• **EXERCISE DIRECTIONS**:
Pictures stay out of the copy, and everything else in the data below is repeated exactly.
-- RECORDED INFORMATION follows --
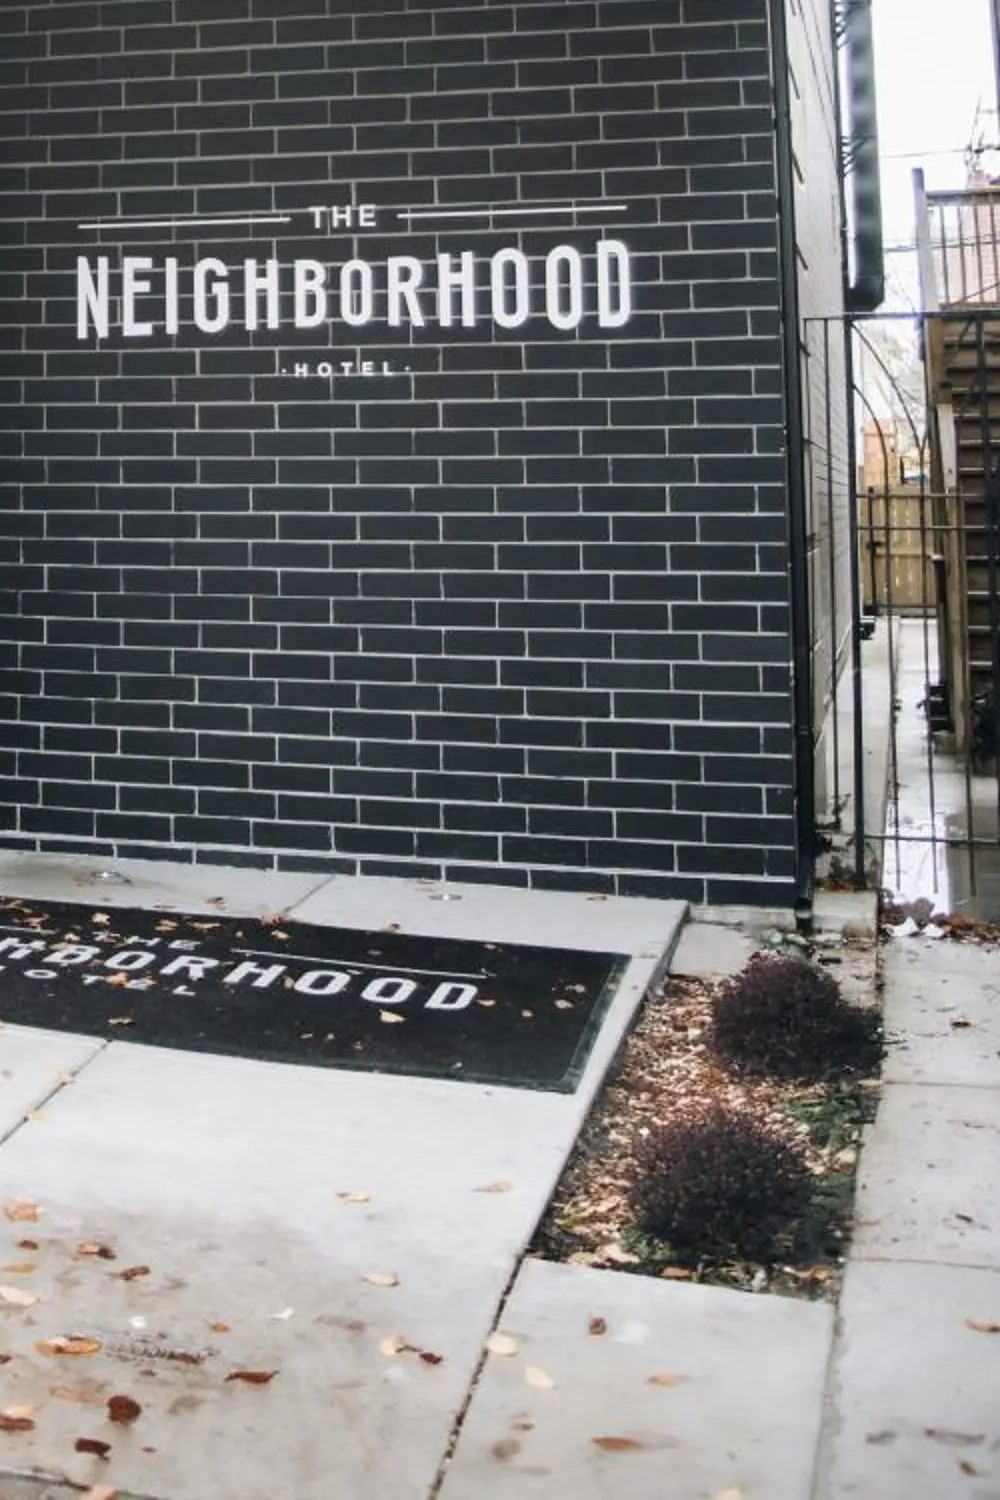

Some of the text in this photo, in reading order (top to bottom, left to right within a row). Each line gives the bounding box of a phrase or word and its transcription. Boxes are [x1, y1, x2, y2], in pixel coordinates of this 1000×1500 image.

[308, 204, 377, 229] THE
[76, 240, 631, 340] NEIGHBORHOOD
[294, 361, 394, 378] HOTEL
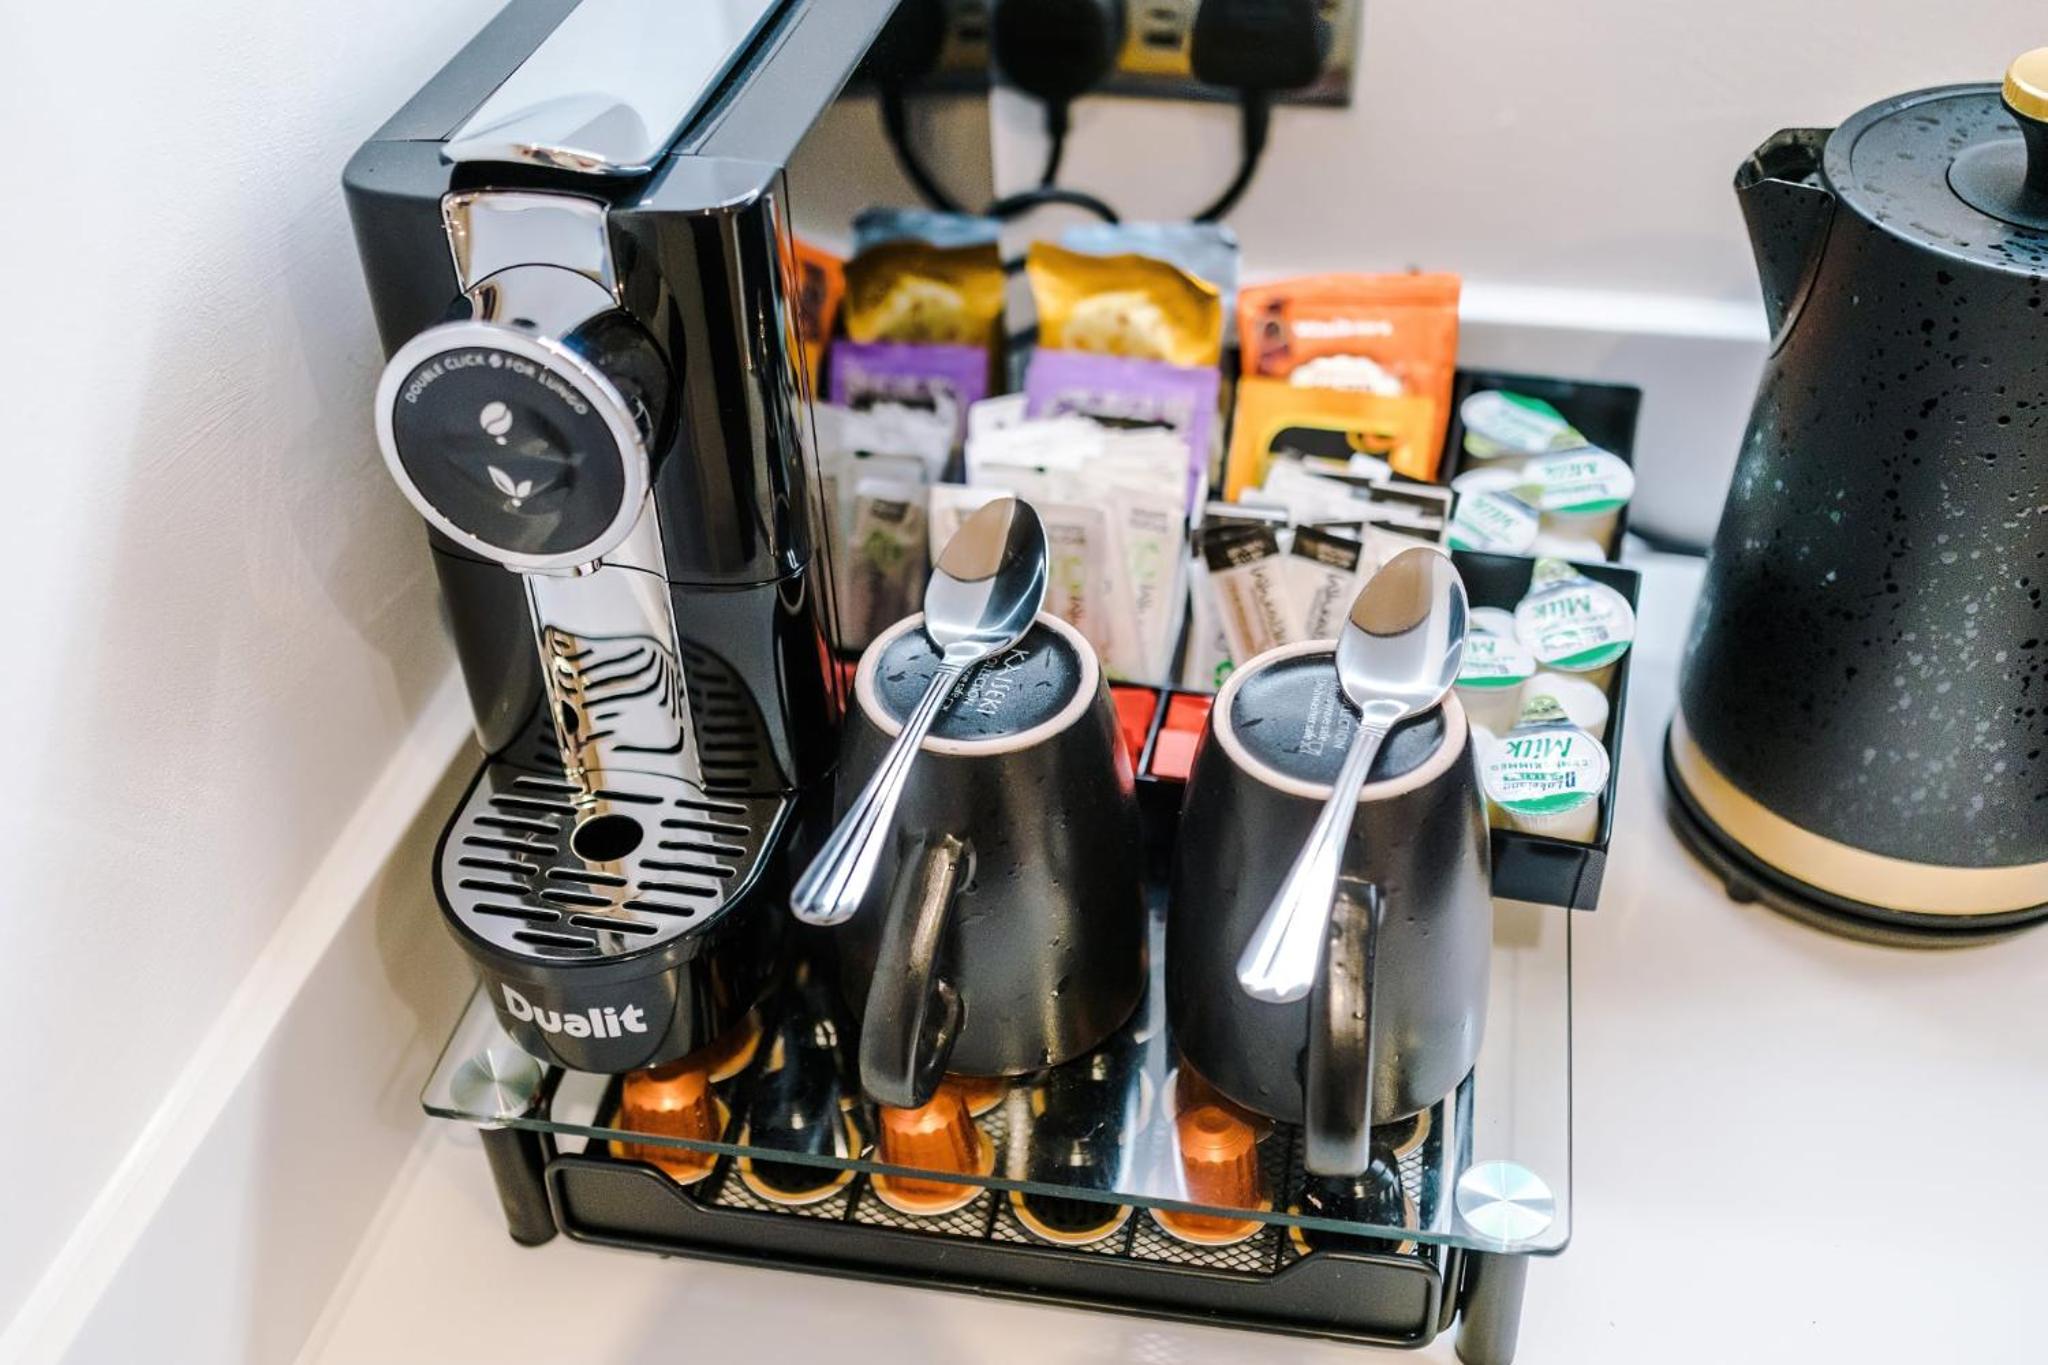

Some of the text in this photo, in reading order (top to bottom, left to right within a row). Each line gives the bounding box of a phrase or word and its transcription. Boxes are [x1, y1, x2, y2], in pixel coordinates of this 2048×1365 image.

[405, 354, 588, 415] DOUBLE CLICK FOR LUNGO
[1506, 736, 1572, 759] Milk
[501, 983, 648, 1039] Dualit
-- RECORDED INFORMATION concluded --
• **TASK OUTPUT**:
Some of the text in this photo, in reading order (top to bottom, left to right within a row). Each line gives the bounding box of a phrase or word and its transcription. Boxes are [x1, y1, x2, y2], in pixel coordinates of this 1000×1500 image.

[308, 204, 377, 229] THE
[76, 240, 631, 340] NEIGHBORHOOD
[294, 361, 394, 378] HOTEL

Some of the text in this photo, in reading order (top to bottom, left to right within a row). Each line gives the bounding box of a phrase or word and its transcription. Boxes are [x1, y1, x2, y2], in pixel coordinates of this 2048×1365 image.

[405, 354, 588, 415] DOUBLE CLICK FOR LUNGO
[1506, 736, 1572, 759] Milk
[501, 983, 648, 1039] Dualit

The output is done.